Registering for a free “Basic” license gets you Monitoring (formerly Marvel) and Logstash ArcSight module along with Dev Tools Search Profiler and Grok Debugger. And Upgrade Assistant APIs & UI.

Unlike Splunk, where it’s expensive (millions) after the first 500 MB of free.

Elastic prices subscriptions by the number of nodes managed and monitored at scale (less than Splunk and doesn’t run out of gas).

But Marvel is free until production.


  1. GitHub for documentation and source control.
  2. Linux Ubuntu (Amazon build) running on all servers for DEB packages installed by command dpkg
  3. STunnel to secure communications
  4. Docker to install packages on servers.
  5. Logstash Forwarder on all servers to direct log entry flow to a collector.

  6. JMeter to create load on the system artificially by using Java programs to emulate many real clients.

  7. Maven to package java

  8. Puppet to manage configurations

  9. NGINX to distribute among servers

  10. Logstash collects timestamped logs of various formats, from various sources, parse to filter out junk, index them, and normalize into JSON in a way that’s searchable in a central location. Better than awk, grep, etc. on individual machines.

  11. RabbitMQ queue services between Logstash producers and consumers to ensure scalability by absorbing spikes.

  12. Elasticsearch indexes (inverted) nested aggregations of data in Hadoop.
  13. Curator at https://github.com/elasticsearch/curator to manage Elasticsearch indexes by enabling admins to schedule operations to optimise, close, and delete indexes.

  14. Kibana does data discovery on elasticsearch cluster to identify “actionable insights” and presents visualization (a dashboard).


Instead of piping individual logs such as:

$ log_producer | grep ... | sed ... | awk ... | tee output \ | sort | uniq -c | sort -n

Elasticsearch provides consistency to different time stamp formats.

Kibana “democratizes” data by putting a front-end to access data in a searcheable in fast, meaningful ways.

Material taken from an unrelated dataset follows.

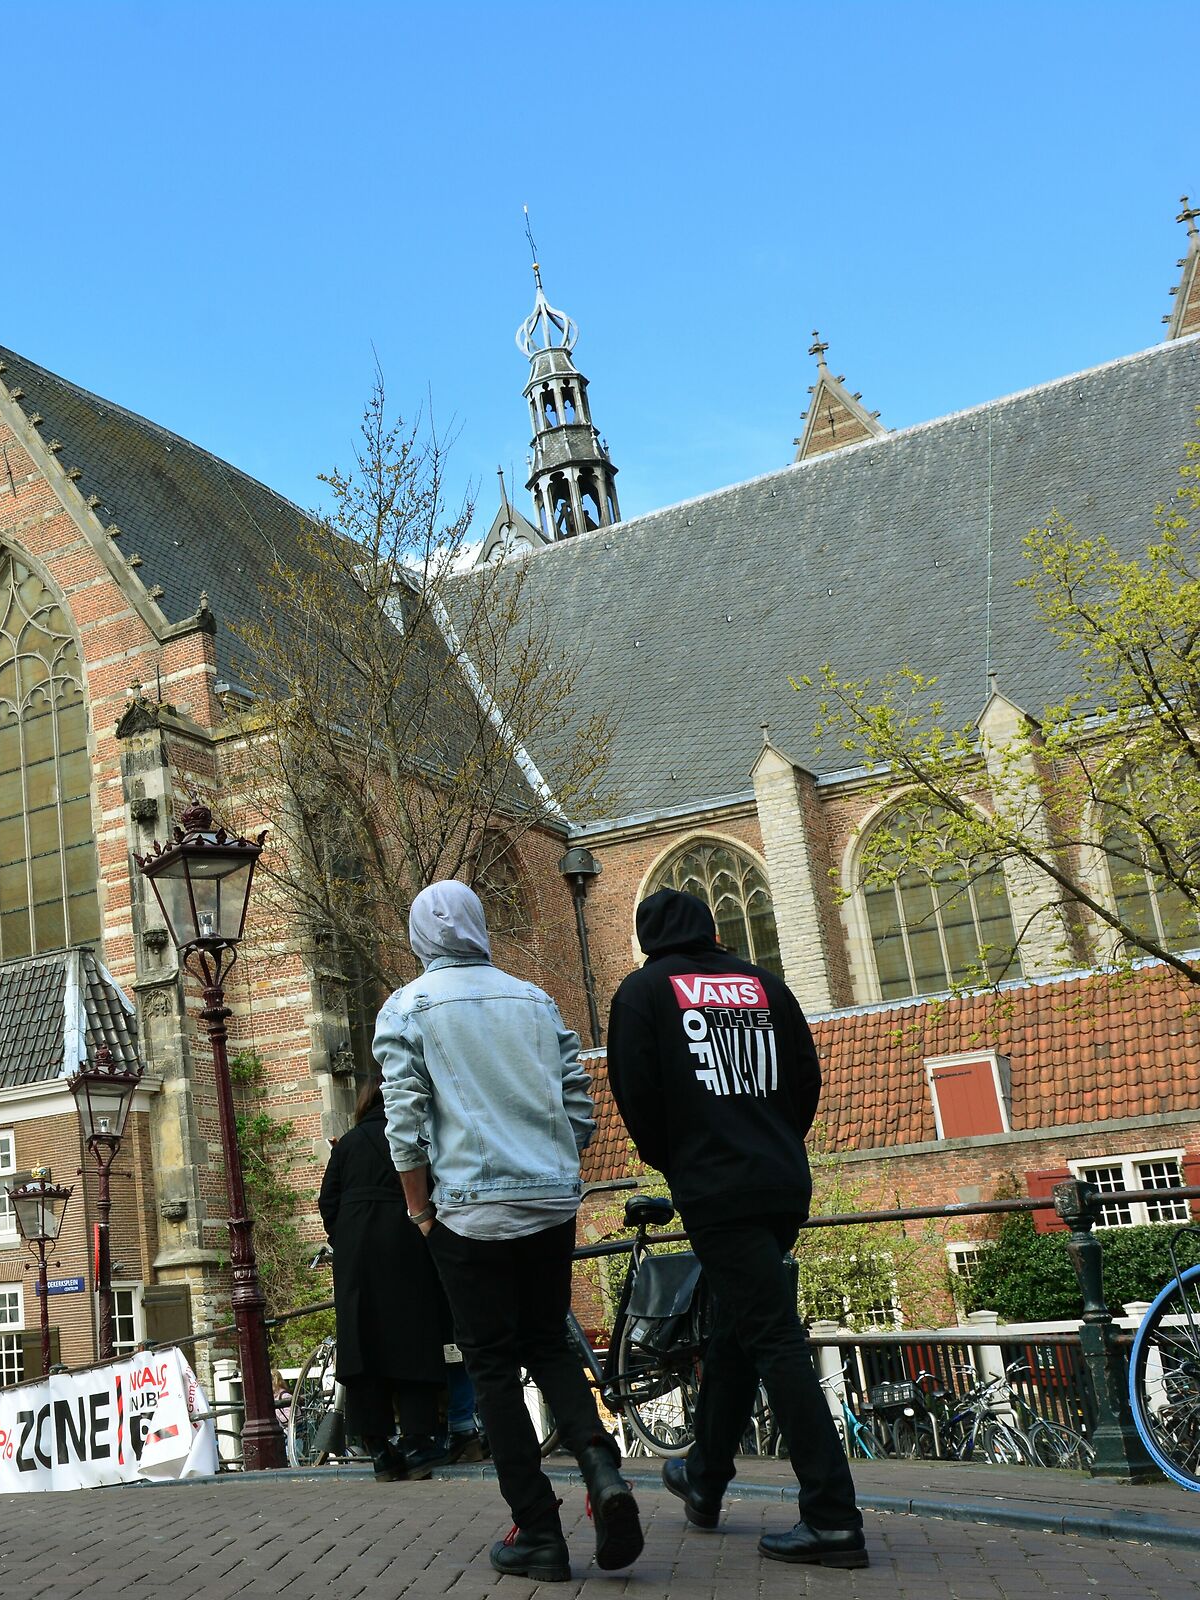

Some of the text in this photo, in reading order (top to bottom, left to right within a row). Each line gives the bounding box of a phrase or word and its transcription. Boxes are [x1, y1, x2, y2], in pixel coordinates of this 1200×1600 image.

There is a lighter edition of Logstash.

Kibana & Elasticsearch started as an open source project, built by devops people for devops people.

  • https://github.com/elastic/elasticsearch
  • https://github.com/elastic/kibana
  • https://github.com/elastic/logstash was begun by @jordansissel while at Dreamhost, who continues to create videos https://www.youtube.com/channel/UC1Hc-GPNTYax-vAVCH333ww as Elastic employee. His talk: https://www.youtube.com/watch?v=fwMnb4-t8vo

  • https://github.com/docker-library/kibana

Competitive Features

  • D3 JS library flexibility
  • Watcher -
  • Shield support for security

  • Bulk operations (for indexing and search operations)
  • Percolator (“reversed search” - alerts, classification)
  • Suggesters (“Did you mean …?”)
  • Index aliases (Grouping, filtering or “renaming” of indices every day)
  • Index templates (automatic index configuration)
  • Monitoring API (amount of memory used, number of operations, etc.)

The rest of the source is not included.